The core of the discussion (see comments) may be that, were the Bayes estimator to be constrained to be a point in the support of $\pi(\cdot)$, its properties would be quite different.

Similarly, when considering admissible estimators, Bayes estimators associated with a proper prior on a compact set are usually admissible, although they have a restricted support.

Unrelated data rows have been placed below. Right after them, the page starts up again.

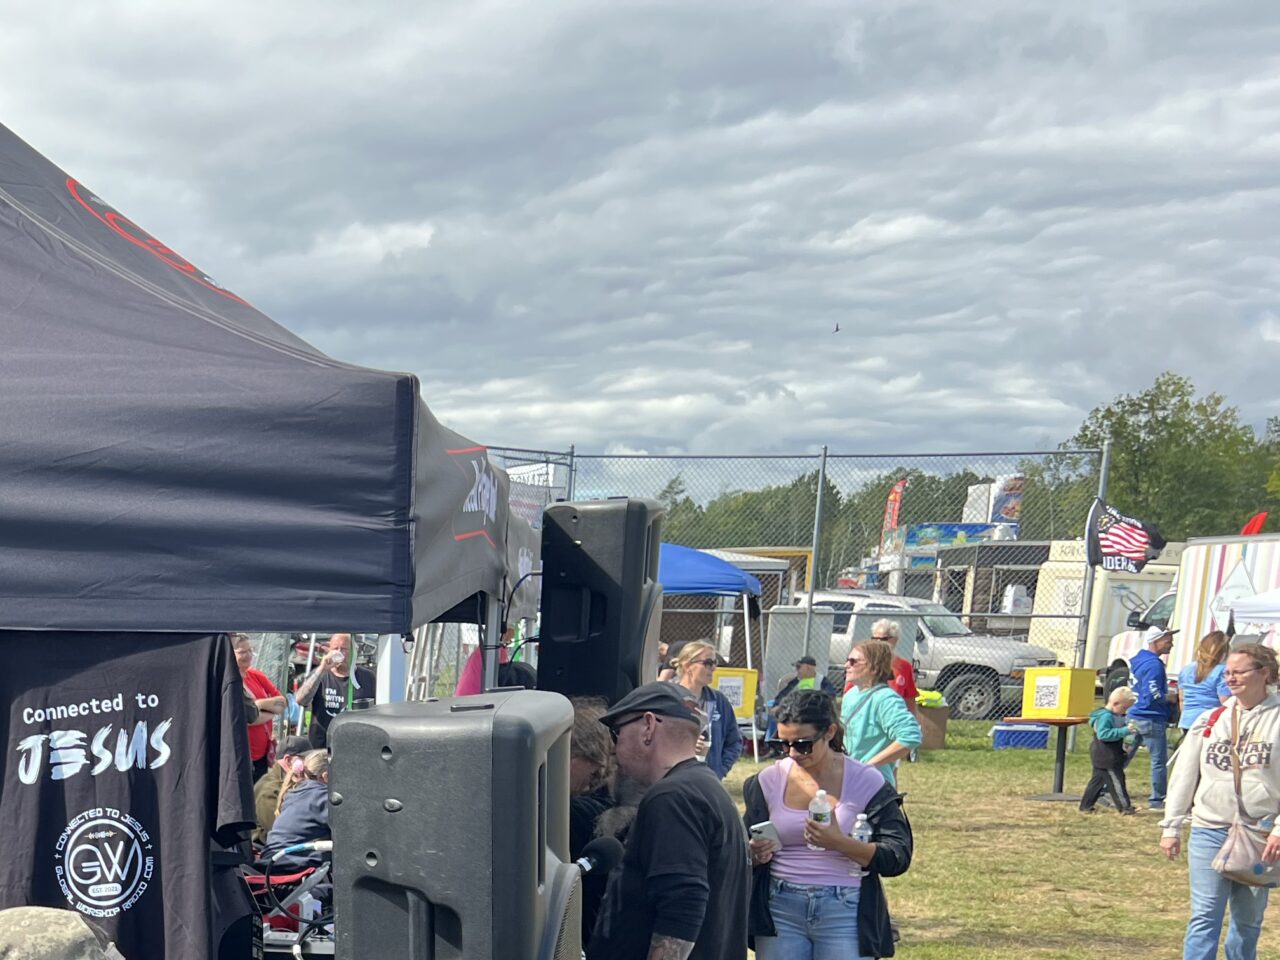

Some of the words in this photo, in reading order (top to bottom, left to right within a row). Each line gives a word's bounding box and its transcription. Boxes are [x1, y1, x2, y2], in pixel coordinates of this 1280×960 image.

[23, 693, 124, 724] Connected
[135, 693, 159, 709] to
[16, 717, 173, 785] JESUS
[56, 808, 103, 851] CONNECTED
[106, 807, 120, 819] TO
[120, 813, 150, 842] JESUS
[69, 839, 138, 885] GW
[55, 865, 75, 905] GLOBAL
[75, 902, 120, 918] WORSHIP
[122, 881, 148, 911] RADIO
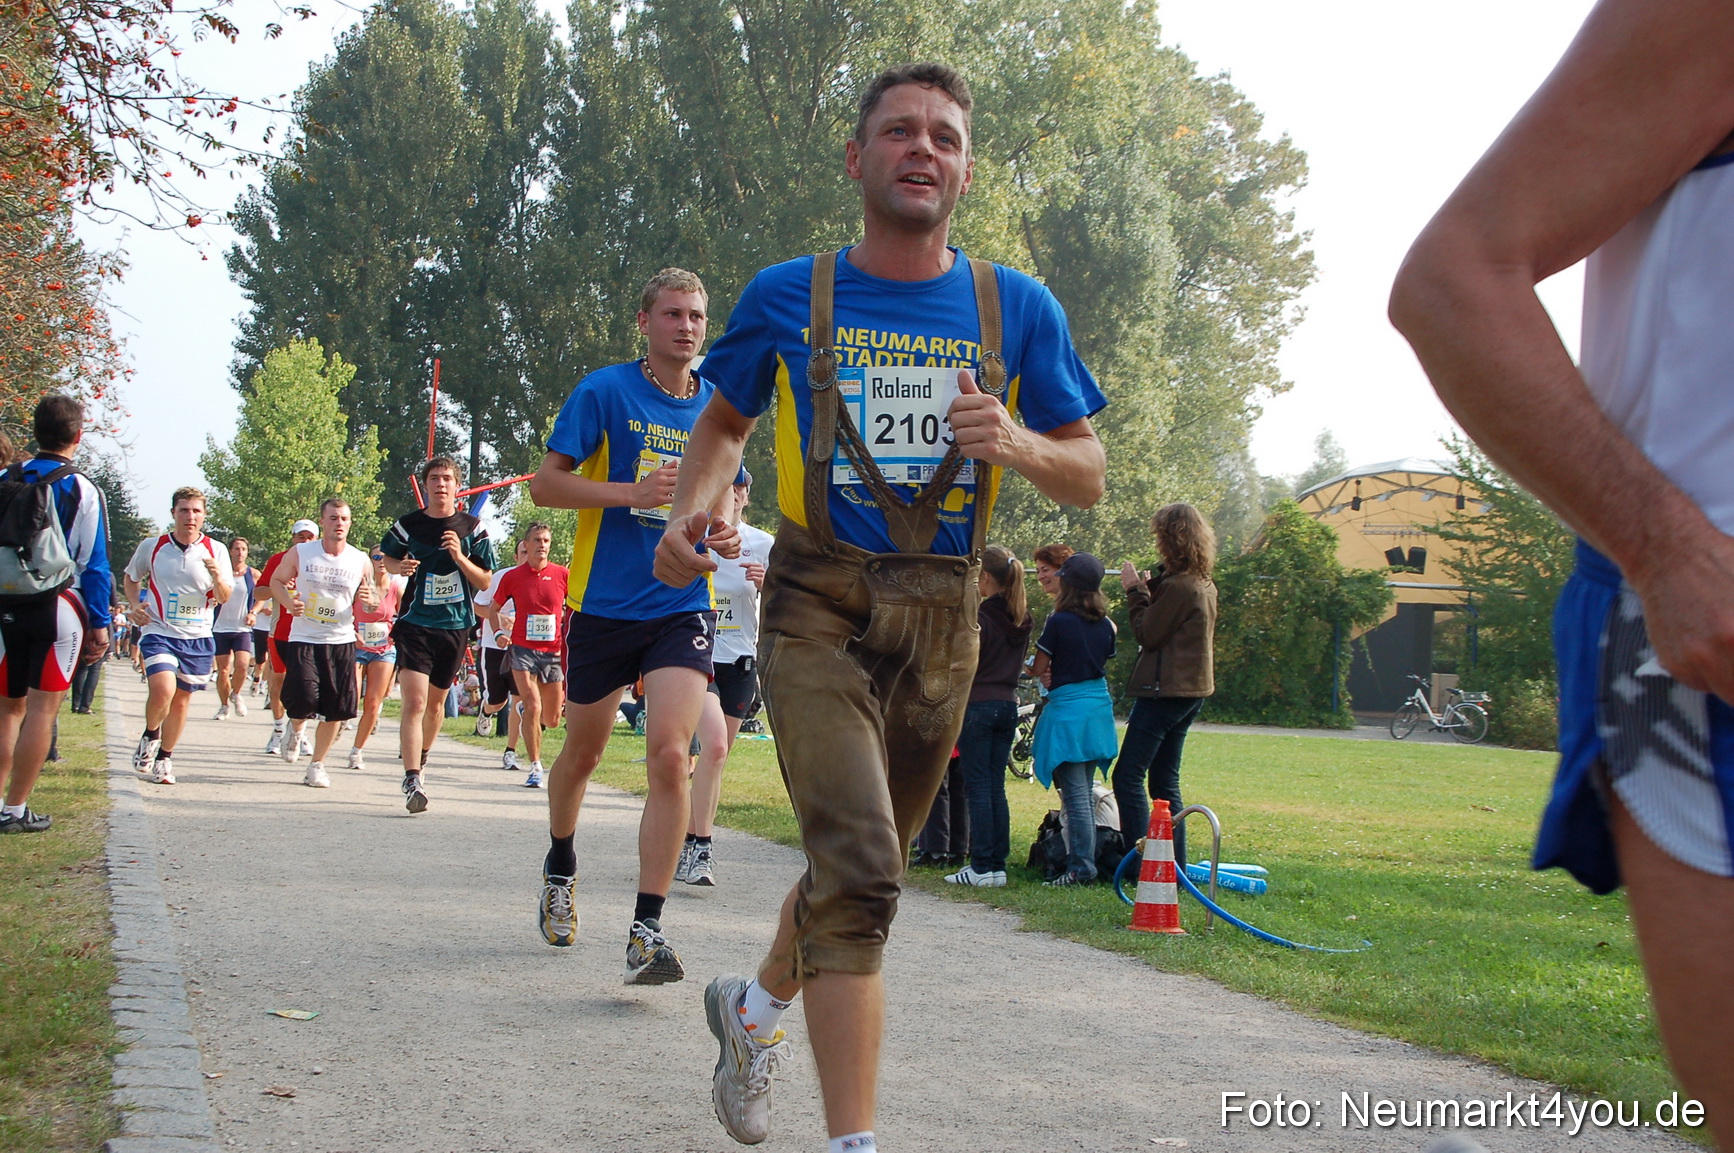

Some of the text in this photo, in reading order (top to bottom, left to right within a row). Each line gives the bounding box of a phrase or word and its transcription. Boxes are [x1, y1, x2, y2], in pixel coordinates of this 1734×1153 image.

[836, 326, 982, 362] NEUMARKT
[872, 377, 932, 399] Roland
[628, 419, 689, 442] 10. NEUMA
[874, 413, 956, 446] 2103
[644, 435, 686, 453] STADTL
[323, 575, 337, 583] NYC
[435, 583, 458, 595] 2297
[179, 605, 202, 615] 3851
[318, 606, 336, 617] 999
[367, 631, 386, 639] 3869

In both cases, the frequentist notion (minimaxity or admissibility) is defined over the possible range of parameters rather that at the "true" value of the parameter (which brings an answer to Question 4.) For instance, looking at the posterior risk $$\int_\Theta L(\theta,\delta) \pi(\theta|x)\text{d}\theta$$ or at the Bayes risk $$\int_{\cal X}\int_\Theta L(\theta,\delta) \pi(\theta)f(x|\theta)\text{d}\theta\text{d}x$$ does not involve the true value $\theta_0$.

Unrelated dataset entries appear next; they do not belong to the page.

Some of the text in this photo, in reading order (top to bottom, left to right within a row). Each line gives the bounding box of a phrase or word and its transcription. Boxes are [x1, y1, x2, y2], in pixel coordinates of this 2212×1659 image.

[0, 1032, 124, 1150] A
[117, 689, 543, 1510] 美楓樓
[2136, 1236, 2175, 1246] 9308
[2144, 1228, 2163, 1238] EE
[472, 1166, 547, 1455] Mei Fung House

Furthermore, as pointed out in the above example, when the Bayes estimator is defined by a formal expression such as the posterior mean $$\hat{\theta}^\pi(x)=\int_\Theta \theta\pi(\theta|x)\text{d}\theta$$ for the quadratic (or $L_2$) loss, this estimator may take values outside the support of $\pi$ in cases this support is not convex.

As an aside, when reading

for the true θ to have generated the data (i.e. "exist"), θ must be a possible variate under π, e.g. have non-zero probability, non-zero density

I consider it a misrepresentation of the meaning of a prior. The prior distribution is not supposed to stand for an actual physical (or real) mechanism that saw a parameter value $\theta_0$ generated from $\pi$ followed by an observation $x$ generated from $f(x|\theta_0)$. The prior is a reference measure on the parameter space that incorporates prior information and subjective beliefs about the parameter and that is by no means unique. A Bayesian analysis is always relative to the prior chosen to conduct this Bayesian analysis. Hence, there is not an absolute necessity for the true parameter to belong to the support of $\pi$. Obviously, when this support is a compact connected set, ${\mathscr A}$, any value of the parameter outside the set ${\mathscr A}$ cannot be consistently estimated by the posterior mean $\hat{\theta}^\pi$ but this does not even prevent the estimator to be admissible.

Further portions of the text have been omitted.